## WHAT NEEDS TO BE DONE
Repeat each line of the material below exactly as it appears, minus any pictures.

## RECORDS PROVIDED

• • • •

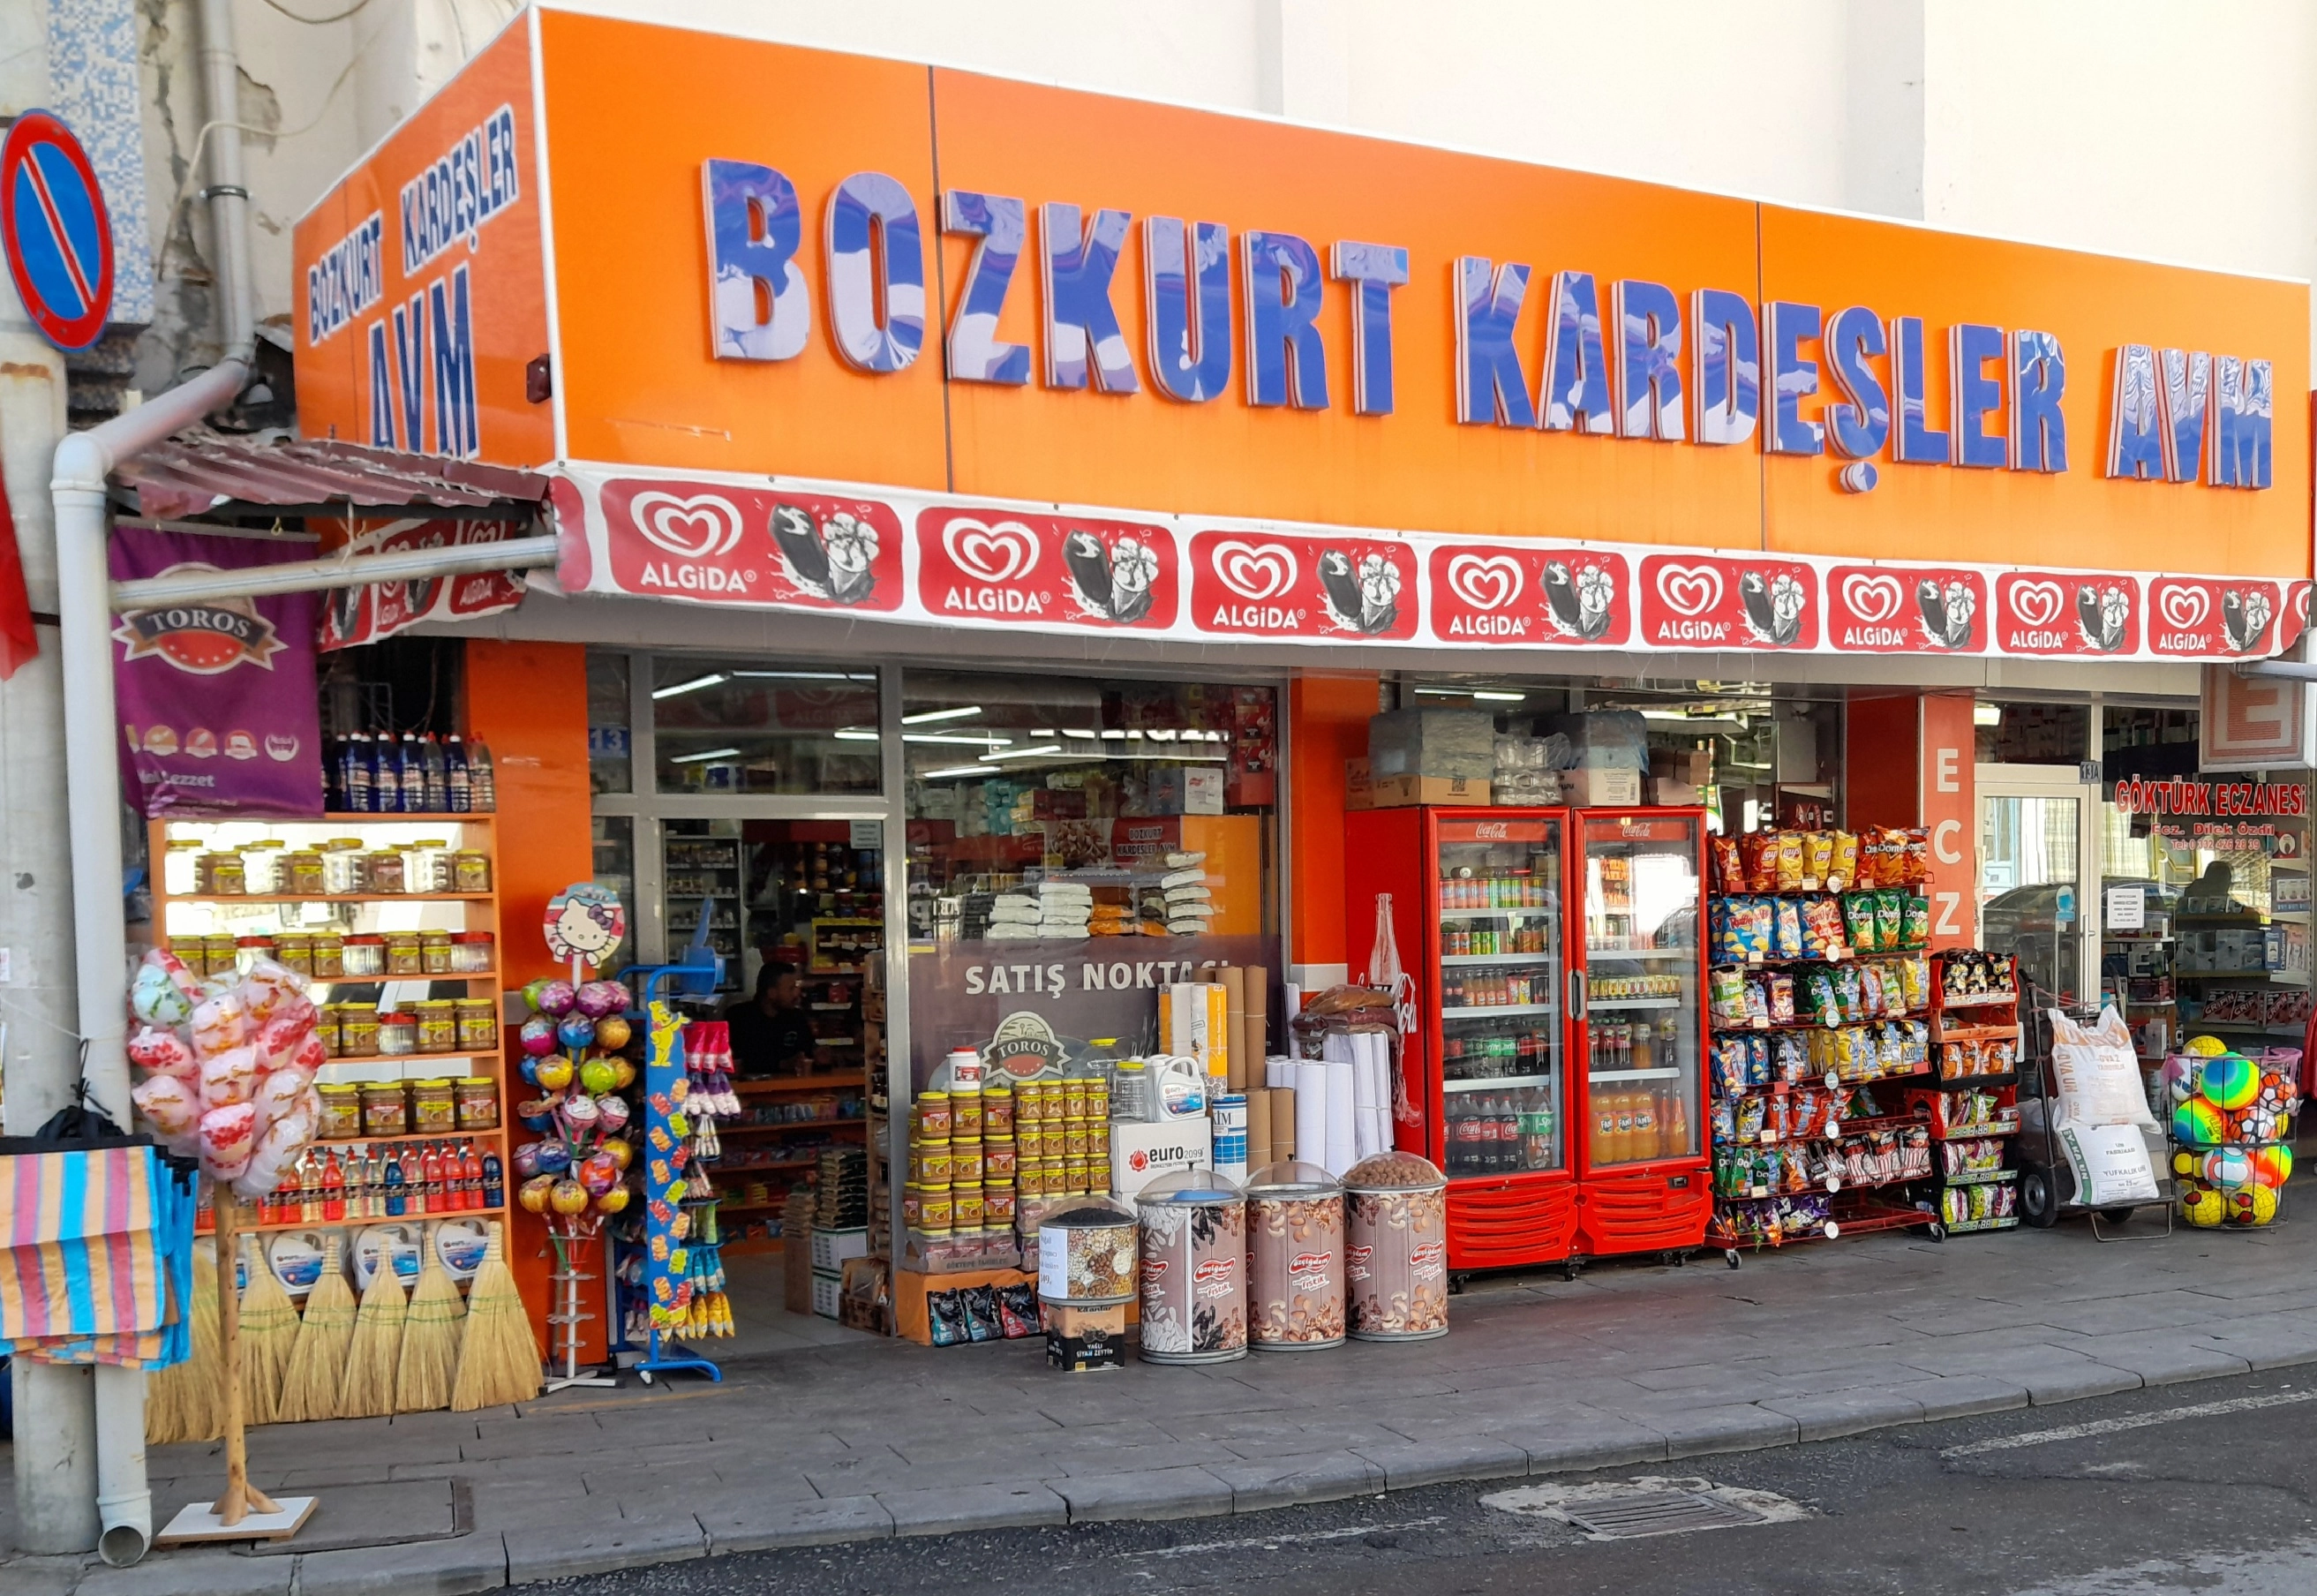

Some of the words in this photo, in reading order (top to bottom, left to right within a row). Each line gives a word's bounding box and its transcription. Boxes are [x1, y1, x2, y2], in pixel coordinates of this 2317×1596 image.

[308, 209, 383, 348] BOZKURT
[401, 102, 519, 278] KARDEŞLER
[701, 158, 1410, 417] BOZKURT
[1452, 255, 2069, 494] KARDEŞLER
[2104, 343, 2273, 489] AVM
[368, 260, 480, 462] AVM
[146, 608, 252, 638] TOROS
[591, 731, 623, 749] 13
[162, 770, 215, 787] ezzet
[2115, 773, 2211, 816] GÖKTÜRK
[1129, 826, 1163, 839] BOZKURT
[2150, 823, 2185, 836] Ecz.
[2193, 823, 2233, 836] Dilek
[2238, 821, 2276, 836] Özdil
[2189, 839, 2195, 849] 0
[2216, 839, 2233, 850] 426
[2235, 839, 2246, 850] 28
[2248, 839, 2261, 850] 39
[965, 964, 1066, 999] SATIŞ
[1082, 960, 1229, 991] NOKTA
[997, 1041, 1050, 1059] TOROS

• • • •

## ANSWER TO THIS EXERCISE
Some of the words in this photo, in reading order (top to bottom, left to right within a row). Each line gives a word's bounding box and its transcription. Boxes are [x1, y1, x2, y2], in pixel coordinates of this 2317×1596 image.

[308, 209, 383, 348] BOZKURT
[401, 102, 519, 278] KARDEŞLER
[701, 158, 1410, 417] BOZKURT
[1452, 255, 2069, 494] KARDEŞLER
[2104, 343, 2273, 489] AVM
[368, 260, 480, 462] AVM
[146, 608, 252, 638] TOROS
[591, 731, 623, 749] 13
[162, 770, 215, 787] ezzet
[2115, 773, 2211, 816] GÖKTÜRK
[1129, 826, 1163, 839] BOZKURT
[2150, 823, 2185, 836] Ecz.
[2193, 823, 2233, 836] Dilek
[2238, 821, 2276, 836] Özdil
[2189, 839, 2195, 849] 0
[2216, 839, 2233, 850] 426
[2235, 839, 2246, 850] 28
[2248, 839, 2261, 850] 39
[965, 964, 1066, 999] SATIŞ
[1082, 960, 1229, 991] NOKTA
[997, 1041, 1050, 1059] TOROS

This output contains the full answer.